[Data excerpts]
»»
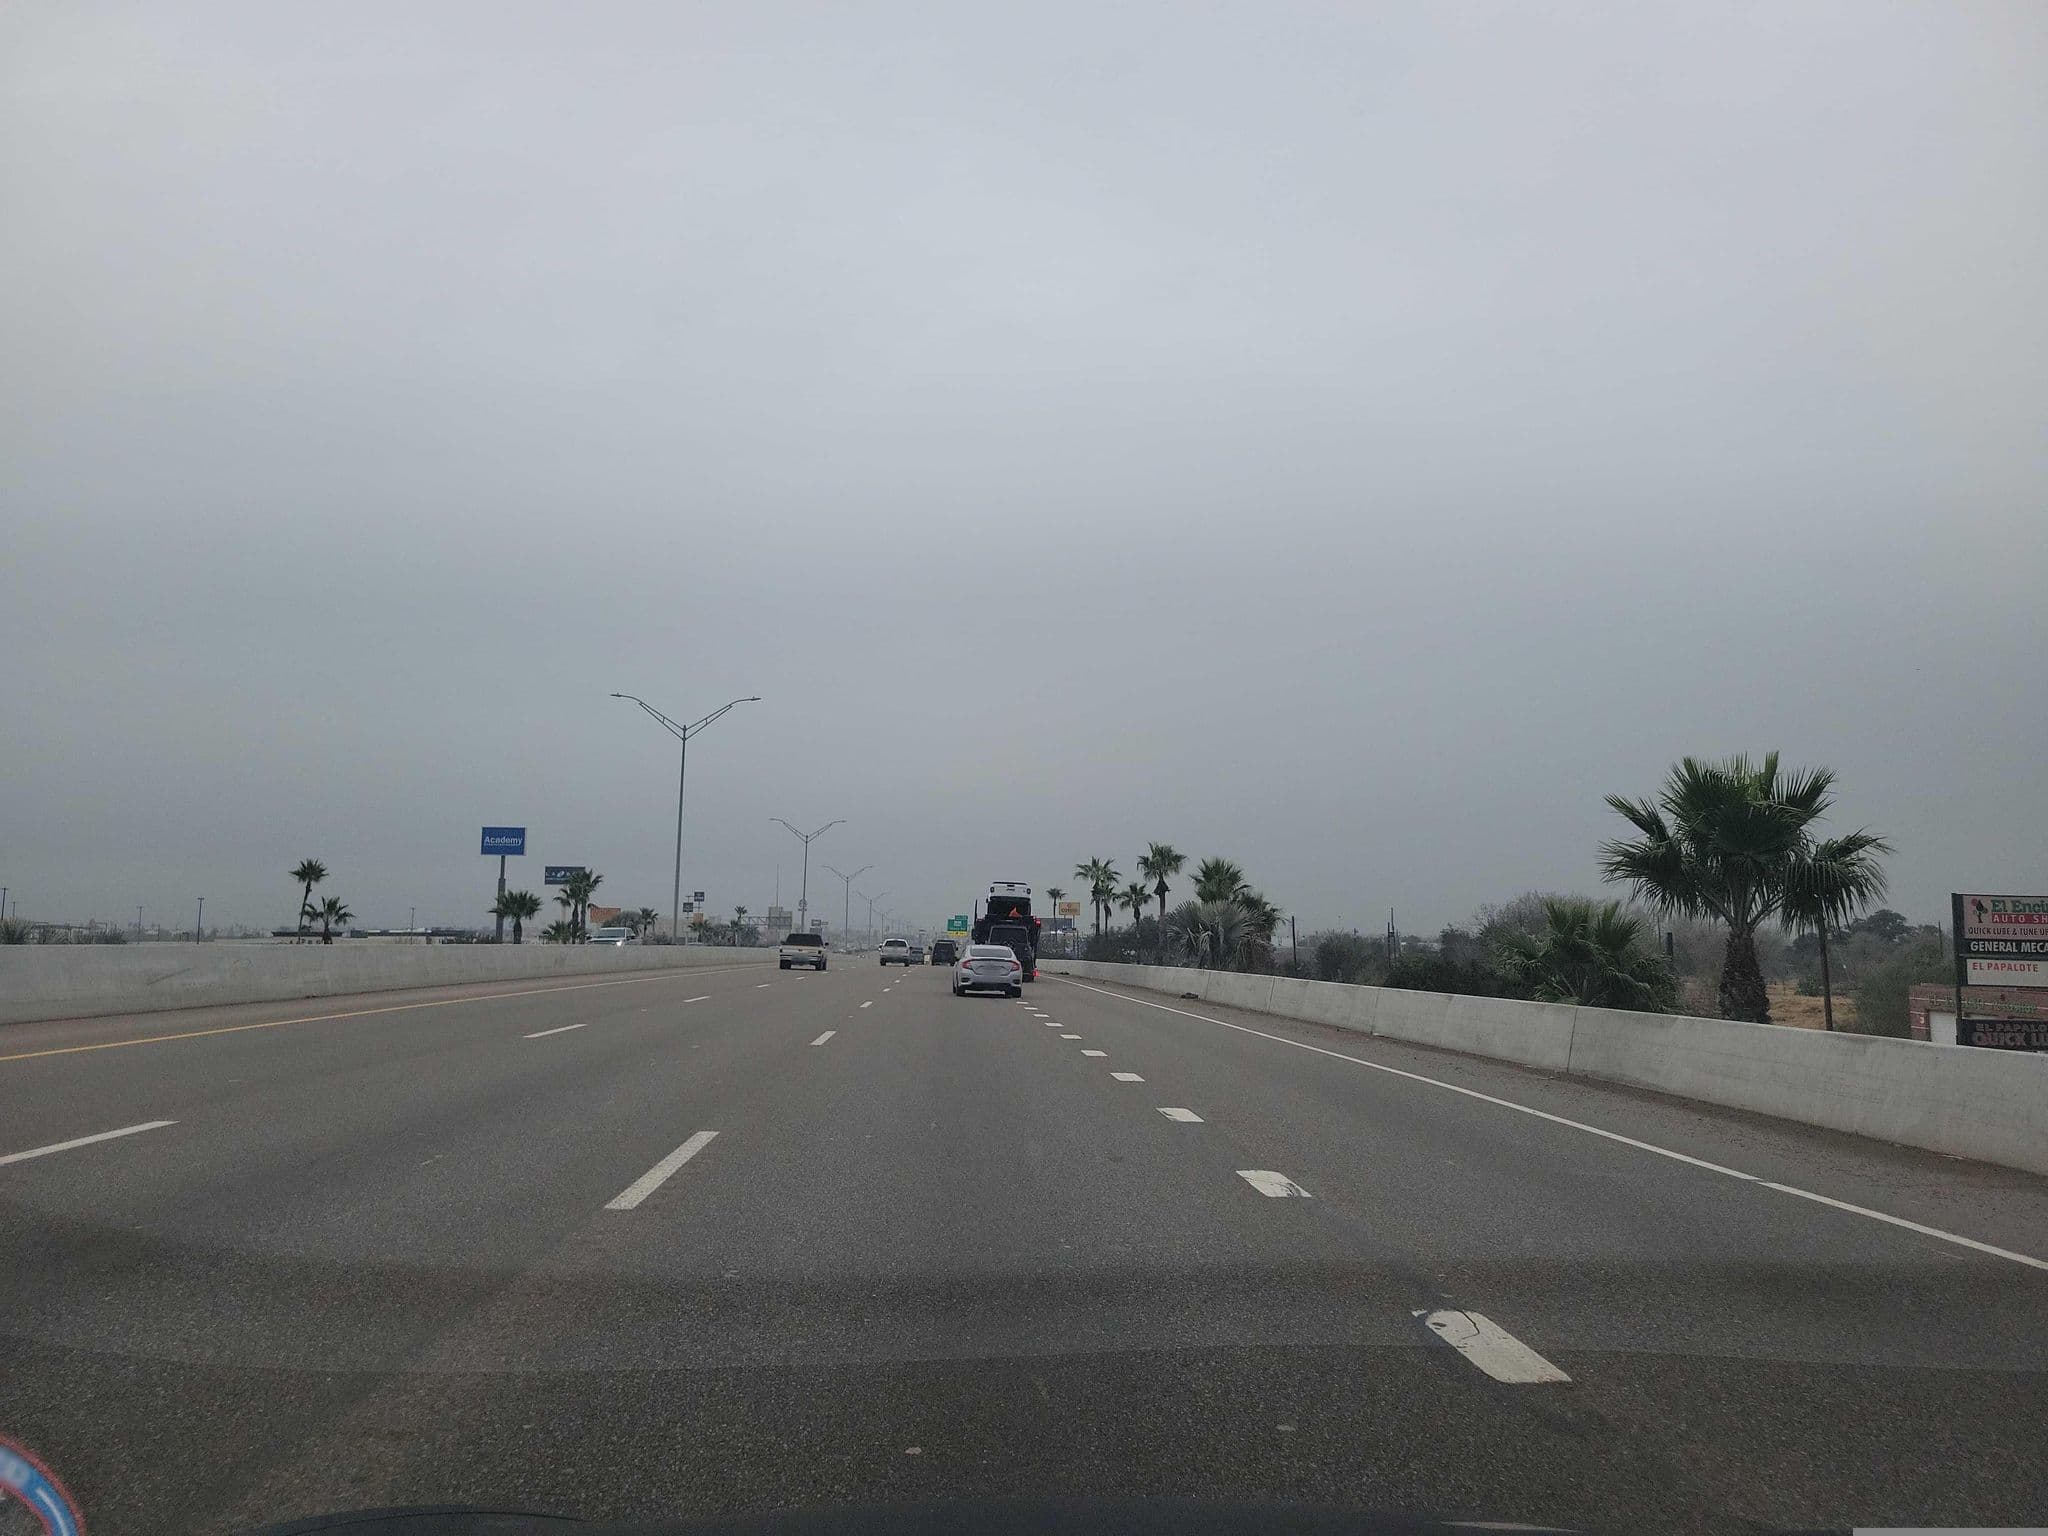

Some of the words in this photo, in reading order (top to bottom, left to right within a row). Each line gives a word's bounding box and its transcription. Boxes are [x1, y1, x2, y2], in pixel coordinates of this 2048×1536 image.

[484, 836, 523, 846] Academy
[1991, 899, 2008, 913] El
[1993, 914, 2026, 923] AUTO
[1968, 926, 1992, 935] QUICK
[2020, 927, 2038, 936] TUNE
[1970, 941, 2018, 953] GENERAL
[1972, 962, 1984, 971] EL
[1987, 962, 2039, 973] PAPALOTE
[1975, 1023, 1993, 1032] EL
[1971, 1032, 2027, 1047] QUICK
««
#### What is needed:
Set down all entries above again, exactly, without images.

#### Expected answer:
Some of the words in this photo, in reading order (top to bottom, left to right within a row). Each line gives a word's bounding box and its transcription. Boxes are [x1, y1, x2, y2], in pixel coordinates of this 2048×1536 image.

[484, 836, 523, 846] Academy
[1991, 899, 2008, 913] El
[1993, 914, 2026, 923] AUTO
[1968, 926, 1992, 935] QUICK
[2020, 927, 2038, 936] TUNE
[1970, 941, 2018, 953] GENERAL
[1972, 962, 1984, 971] EL
[1987, 962, 2039, 973] PAPALOTE
[1975, 1023, 1993, 1032] EL
[1971, 1032, 2027, 1047] QUICK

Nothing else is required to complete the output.